For many of us, the holidays come with a hefty price tag. Let’s face it: within the span of a couple of months, we have Thanksgiving with the huge dinner spread, Christmas with piles of presents beneath a tree, and New Year’s with a night of partying with friends and family. From the decorations to the grocery budget, the gifts and traveling expenses, the end of the year and start of the next can leave a family strapped for cash. It may seem hard, but sticking to a budget is so important for your family’s stress levels. If you are still finalizing your holiday plans and finances, let us here at Wise Loan provide some tips for making this holiday season your best one yet!
If you don’t have a Christmas fund or holiday savings account already set aside, and you are beginning to worry about affording Christmas present for your family or friends this month, it might be possible for you to adjust another segment or two in your budget to free up a little wiggle room. Instead of eating out over the next couple of weeks, you could pack a lunch and save some cash that way. You could also borrow from your emergency fund; but if you choose to go down that route, don’t forget to replace the money as soon as possible.
You should also examine exactly how much you planned to spend for this holiday.
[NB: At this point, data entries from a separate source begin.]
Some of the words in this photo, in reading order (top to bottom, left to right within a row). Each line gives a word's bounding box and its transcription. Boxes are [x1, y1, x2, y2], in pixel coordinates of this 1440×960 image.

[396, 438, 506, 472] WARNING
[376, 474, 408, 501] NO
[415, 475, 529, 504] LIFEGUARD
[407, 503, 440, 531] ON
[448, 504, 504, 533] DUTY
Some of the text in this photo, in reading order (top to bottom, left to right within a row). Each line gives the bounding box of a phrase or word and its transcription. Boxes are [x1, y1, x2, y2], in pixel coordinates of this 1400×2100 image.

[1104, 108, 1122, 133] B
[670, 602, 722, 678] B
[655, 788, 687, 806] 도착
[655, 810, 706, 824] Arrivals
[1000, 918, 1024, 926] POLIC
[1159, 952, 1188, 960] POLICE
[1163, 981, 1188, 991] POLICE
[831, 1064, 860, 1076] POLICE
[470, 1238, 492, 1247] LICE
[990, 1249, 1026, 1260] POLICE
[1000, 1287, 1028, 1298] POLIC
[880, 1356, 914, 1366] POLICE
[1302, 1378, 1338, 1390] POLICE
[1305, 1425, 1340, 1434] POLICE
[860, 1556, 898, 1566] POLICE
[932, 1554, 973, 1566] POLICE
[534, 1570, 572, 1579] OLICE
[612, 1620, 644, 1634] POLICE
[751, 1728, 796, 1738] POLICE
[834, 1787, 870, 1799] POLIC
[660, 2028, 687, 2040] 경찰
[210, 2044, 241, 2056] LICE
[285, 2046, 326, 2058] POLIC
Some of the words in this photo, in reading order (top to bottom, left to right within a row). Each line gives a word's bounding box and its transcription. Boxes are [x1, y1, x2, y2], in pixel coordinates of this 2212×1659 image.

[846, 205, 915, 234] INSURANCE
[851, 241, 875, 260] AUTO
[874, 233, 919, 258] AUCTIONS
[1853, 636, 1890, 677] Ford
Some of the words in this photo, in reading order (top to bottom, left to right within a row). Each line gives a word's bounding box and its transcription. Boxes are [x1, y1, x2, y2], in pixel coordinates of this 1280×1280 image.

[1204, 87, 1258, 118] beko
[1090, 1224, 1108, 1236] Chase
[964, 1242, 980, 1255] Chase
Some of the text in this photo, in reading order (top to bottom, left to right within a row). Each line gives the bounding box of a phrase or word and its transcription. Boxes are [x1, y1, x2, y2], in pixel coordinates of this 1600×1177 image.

Take a look at the menu for your big shindigs; examine your list of gifts to buy, and who the gifts are for. If your amount that you planned to spend seems to be a little higher than you thought, it might be time to reevaluate and see where you might be able to pare down your spending on the holiday side of things.
If at all possible, try to avoid using credit cards or
payday loans for your holiday shopping needs. Work with only the available cash
you have on hand, rather than dipping into “virtual” money. This will keep your
expenses more even-keeled, and set you up for a great start in the new year.
If you have kids to buy presents for this month, you’re not
alone, and you may not be as bad off on the price point as you thought you
would be. According to DealNews, toys should be cheapest toward the middle of
the month. For the adults on your gift list, tools, kitchen utensils, and
appliances should still be plentiful on the shelves through the end of the
year. Wait to purchase your groceries for the big holiday parties until the
week of, if at all possible, because the discounts will be greatest then.
It does you no good to say yes to every party invite, and no one should feel obligated to host more than one holiday hoedown. It’s just not financially feasible for most of us, and many of your would-be hosts and guests understand that. They may be in the same boat. Don’t be afraid to say no to one or two party invites, with promises to try to come to the next one.
If you are obligated to host an event, try to trim down your expenses by asking guests to bring food, beverages, decorations, utensils and other items. Make sure to have a backup plan, just in case someone forgets or has to cancel, but this can help you keep within budget and minimize your family’s stress.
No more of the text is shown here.